Saved data entries
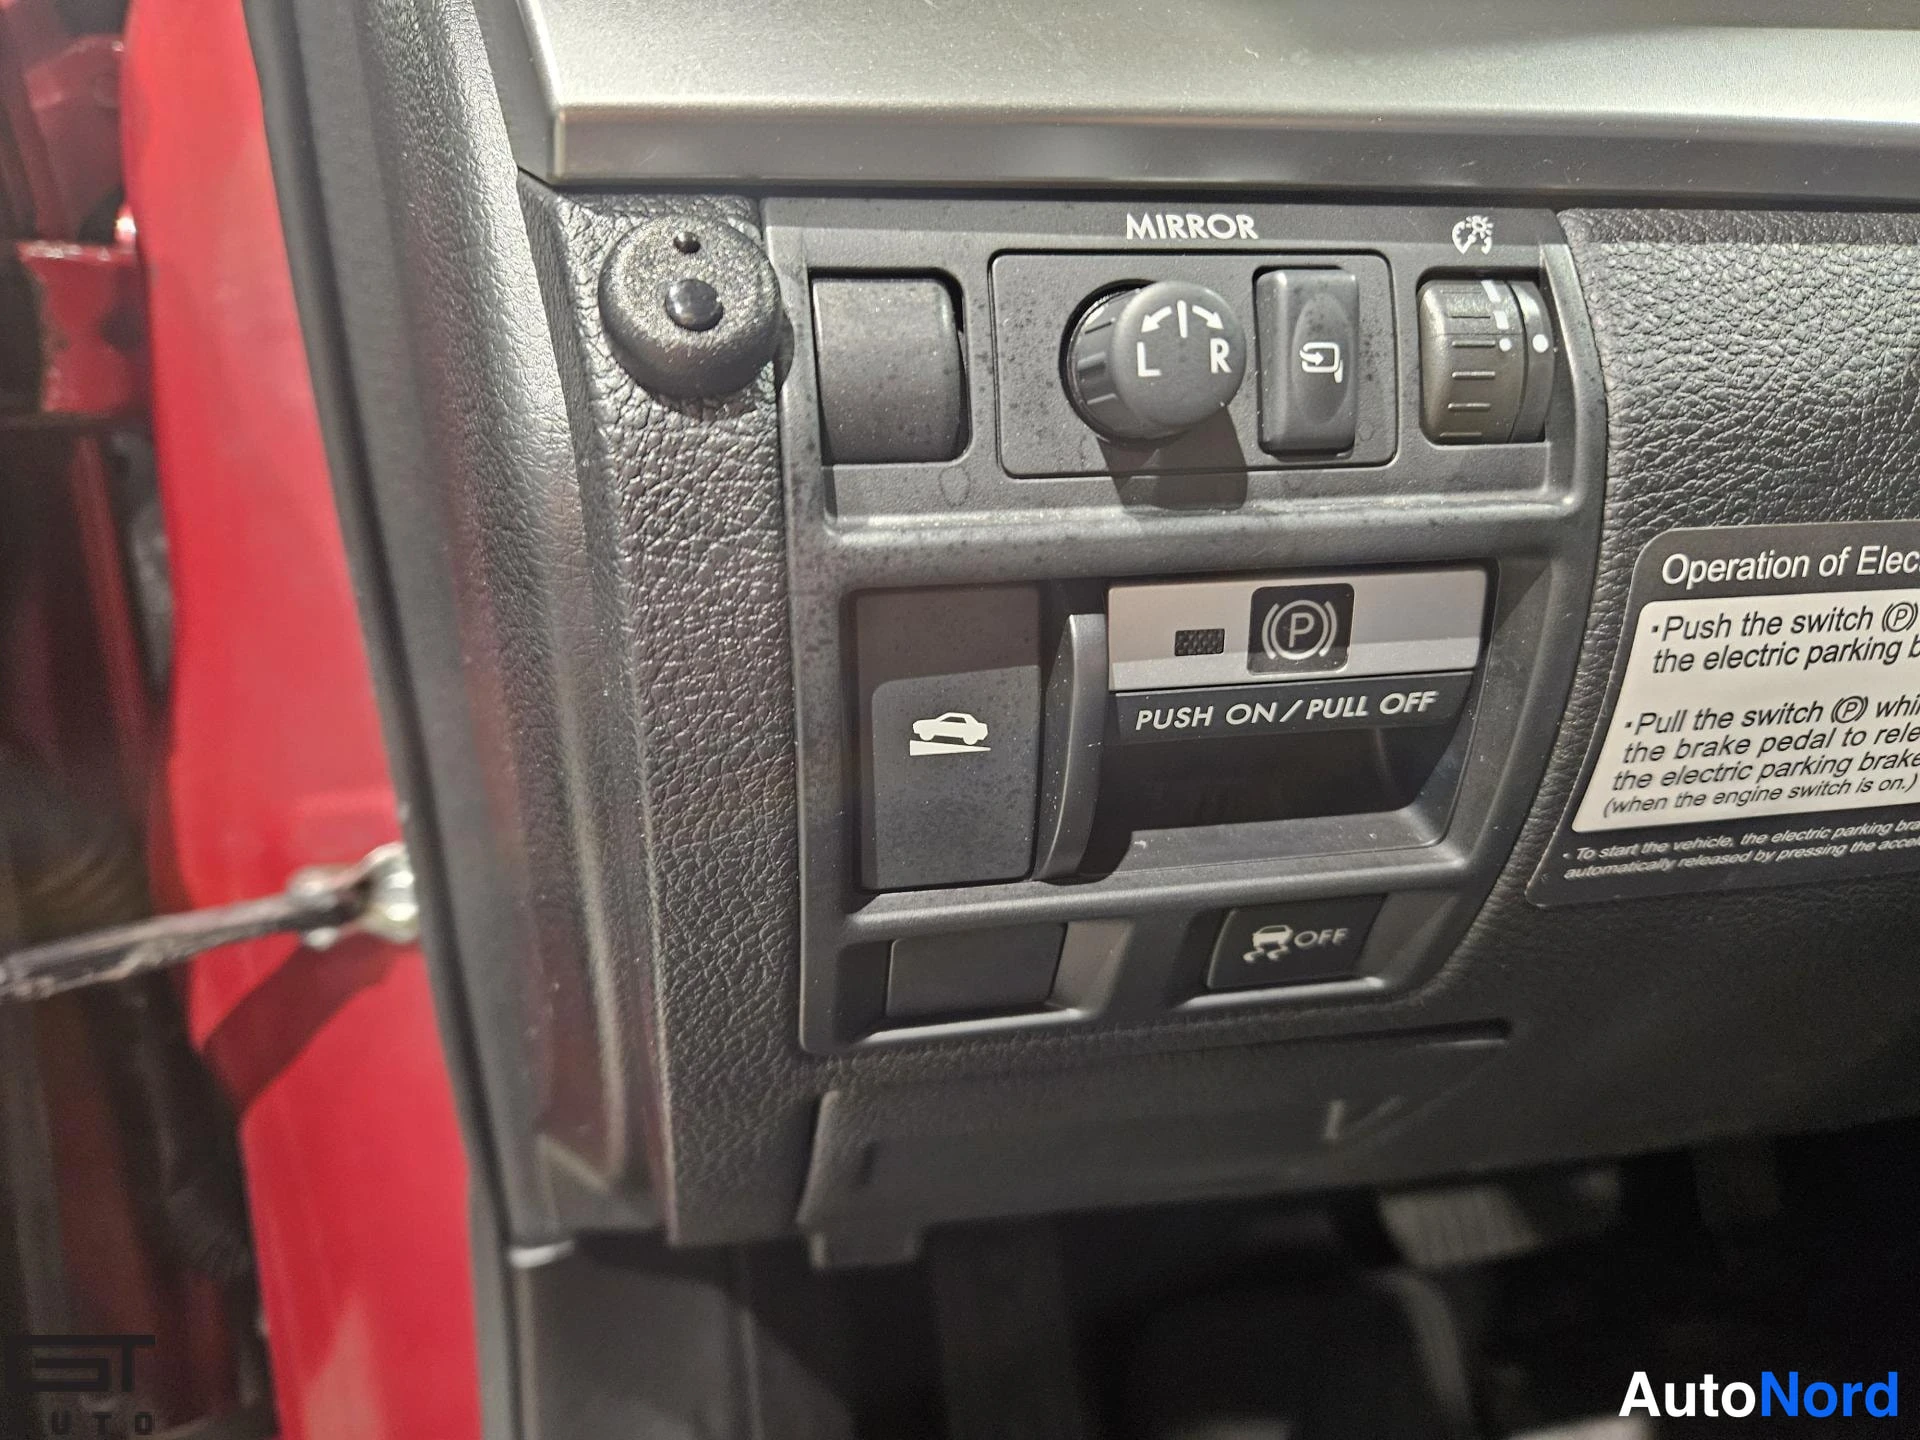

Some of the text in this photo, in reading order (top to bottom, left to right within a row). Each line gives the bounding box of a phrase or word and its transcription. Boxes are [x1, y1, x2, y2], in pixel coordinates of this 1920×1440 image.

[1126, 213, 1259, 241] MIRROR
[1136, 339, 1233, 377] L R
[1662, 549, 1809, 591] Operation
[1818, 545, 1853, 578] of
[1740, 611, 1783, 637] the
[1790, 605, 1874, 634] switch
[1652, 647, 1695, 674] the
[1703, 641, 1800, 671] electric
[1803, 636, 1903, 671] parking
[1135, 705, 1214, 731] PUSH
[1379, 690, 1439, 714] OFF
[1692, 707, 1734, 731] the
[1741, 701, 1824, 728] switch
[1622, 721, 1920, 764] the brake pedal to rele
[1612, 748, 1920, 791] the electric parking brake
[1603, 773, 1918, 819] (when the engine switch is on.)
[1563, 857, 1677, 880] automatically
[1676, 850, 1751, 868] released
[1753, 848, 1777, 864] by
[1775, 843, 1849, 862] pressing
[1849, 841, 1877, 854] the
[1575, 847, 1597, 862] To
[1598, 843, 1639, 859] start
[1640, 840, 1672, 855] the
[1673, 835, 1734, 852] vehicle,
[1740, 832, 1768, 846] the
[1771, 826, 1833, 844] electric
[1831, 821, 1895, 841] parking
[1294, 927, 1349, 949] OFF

→ **DESCRIPTION OF THE TASK**: Exact copy, no pictures: reproduce every entry shown above.

→ **TASK RESULT**:
Some of the text in this photo, in reading order (top to bottom, left to right within a row). Each line gives the bounding box of a phrase or word and its transcription. Boxes are [x1, y1, x2, y2], in pixel coordinates of this 1920×1440 image.

[1126, 213, 1259, 241] MIRROR
[1136, 339, 1233, 377] L R
[1662, 549, 1809, 591] Operation
[1818, 545, 1853, 578] of
[1740, 611, 1783, 637] the
[1790, 605, 1874, 634] switch
[1652, 647, 1695, 674] the
[1703, 641, 1800, 671] electric
[1803, 636, 1903, 671] parking
[1135, 705, 1214, 731] PUSH
[1379, 690, 1439, 714] OFF
[1692, 707, 1734, 731] the
[1741, 701, 1824, 728] switch
[1622, 721, 1920, 764] the brake pedal to rele
[1612, 748, 1920, 791] the electric parking brake
[1603, 773, 1918, 819] (when the engine switch is on.)
[1563, 857, 1677, 880] automatically
[1676, 850, 1751, 868] released
[1753, 848, 1777, 864] by
[1775, 843, 1849, 862] pressing
[1849, 841, 1877, 854] the
[1575, 847, 1597, 862] To
[1598, 843, 1639, 859] start
[1640, 840, 1672, 855] the
[1673, 835, 1734, 852] vehicle,
[1740, 832, 1768, 846] the
[1771, 826, 1833, 844] electric
[1831, 821, 1895, 841] parking
[1294, 927, 1349, 949] OFF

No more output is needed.